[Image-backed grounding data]
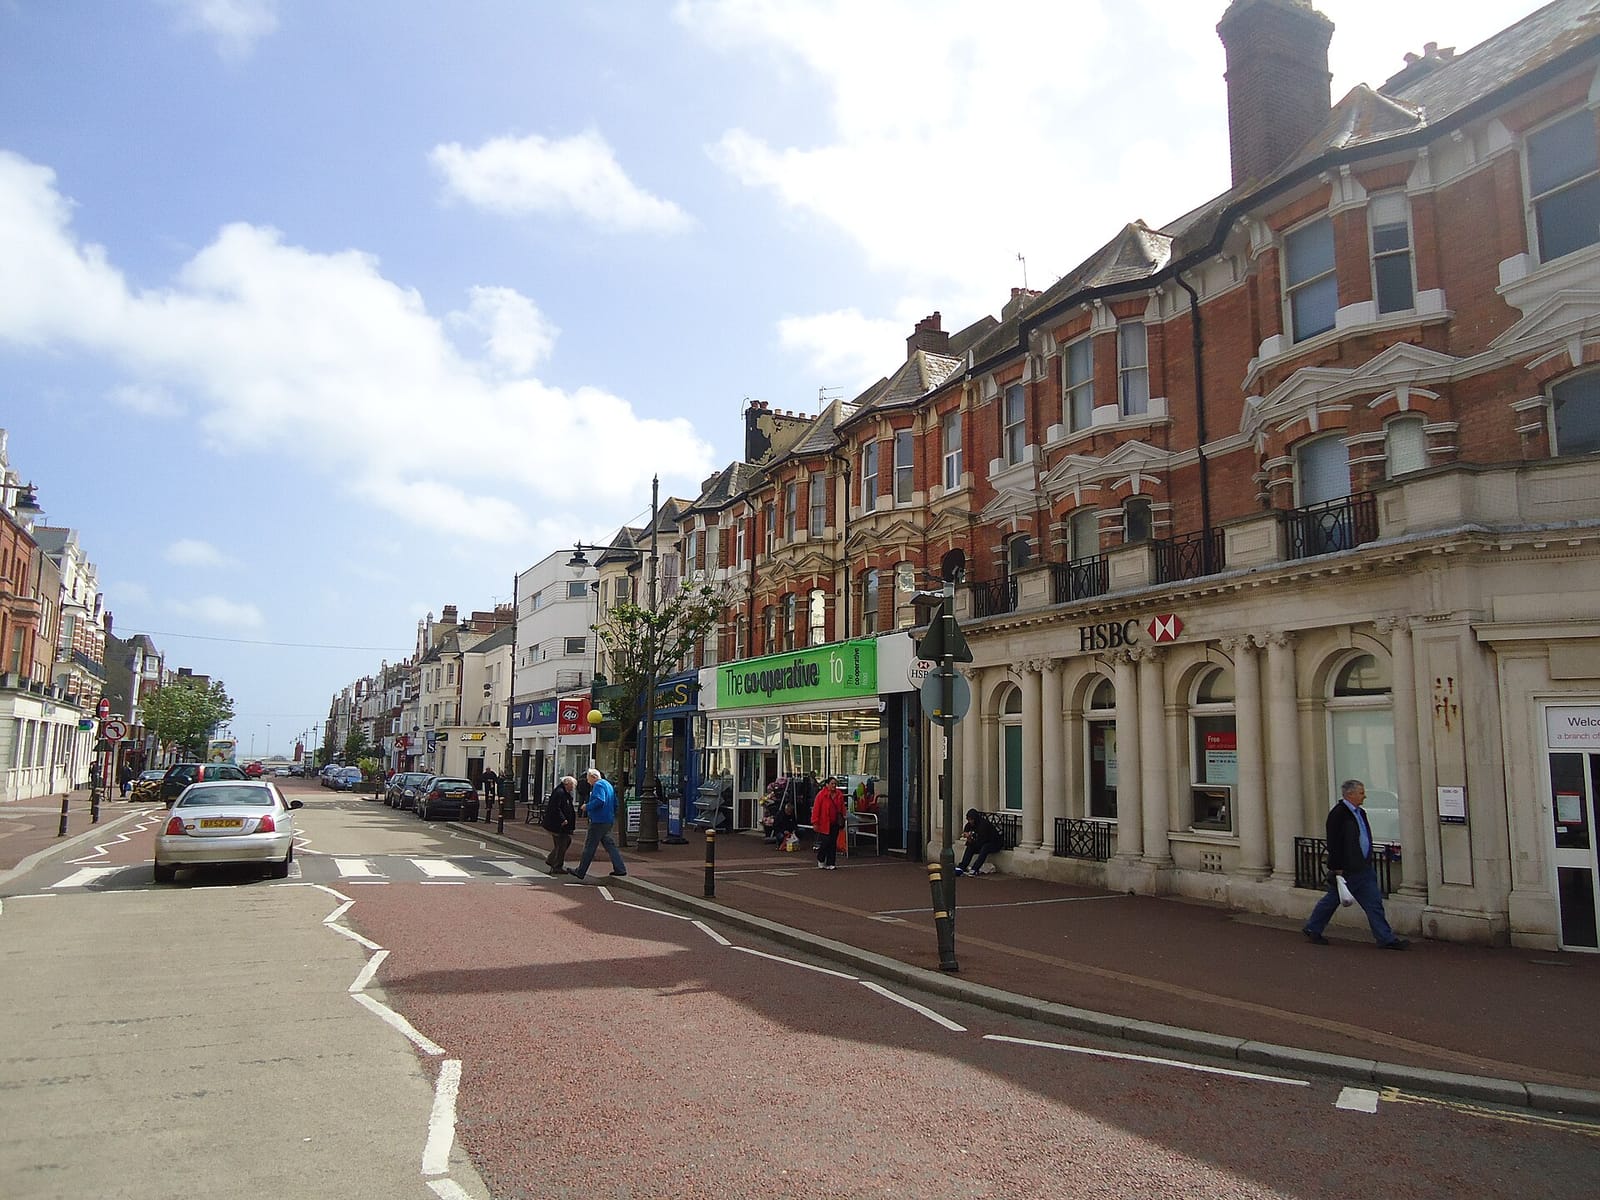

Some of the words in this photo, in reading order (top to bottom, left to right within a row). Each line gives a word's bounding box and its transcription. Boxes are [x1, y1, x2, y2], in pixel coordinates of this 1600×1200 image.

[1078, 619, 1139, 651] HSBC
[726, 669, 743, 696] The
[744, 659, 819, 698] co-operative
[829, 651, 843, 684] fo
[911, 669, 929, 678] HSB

- _Task instructions_: Every line above is to be written out unchanged, with the pictures omitted.

- _Expected answer_:
Some of the words in this photo, in reading order (top to bottom, left to right within a row). Each line gives a word's bounding box and its transcription. Boxes are [x1, y1, x2, y2], in pixel coordinates of this 1600×1200 image.

[1078, 619, 1139, 651] HSBC
[726, 669, 743, 696] The
[744, 659, 819, 698] co-operative
[829, 651, 843, 684] fo
[911, 669, 929, 678] HSB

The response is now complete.